=== Section Start ===
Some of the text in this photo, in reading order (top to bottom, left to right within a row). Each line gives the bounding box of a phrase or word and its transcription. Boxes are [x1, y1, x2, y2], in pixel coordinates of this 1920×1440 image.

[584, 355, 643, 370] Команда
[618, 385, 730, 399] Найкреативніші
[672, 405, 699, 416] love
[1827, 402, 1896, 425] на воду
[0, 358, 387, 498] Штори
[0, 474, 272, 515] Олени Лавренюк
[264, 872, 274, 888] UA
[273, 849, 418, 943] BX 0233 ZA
=== Section End ===
- _WHAT TO DO_
Nothing in the listing may be left out; repeat it all exactly.

- _ANSWER FOR THIS EXERCISE_
Some of the text in this photo, in reading order (top to bottom, left to right within a row). Each line gives the bounding box of a phrase or word and its transcription. Boxes are [x1, y1, x2, y2], in pixel coordinates of this 1920×1440 image.

[584, 355, 643, 370] Команда
[618, 385, 730, 399] Найкреативніші
[672, 405, 699, 416] love
[1827, 402, 1896, 425] на воду
[0, 358, 387, 498] Штори
[0, 474, 272, 515] Олени Лавренюк
[264, 872, 274, 888] UA
[273, 849, 418, 943] BX 0233 ZA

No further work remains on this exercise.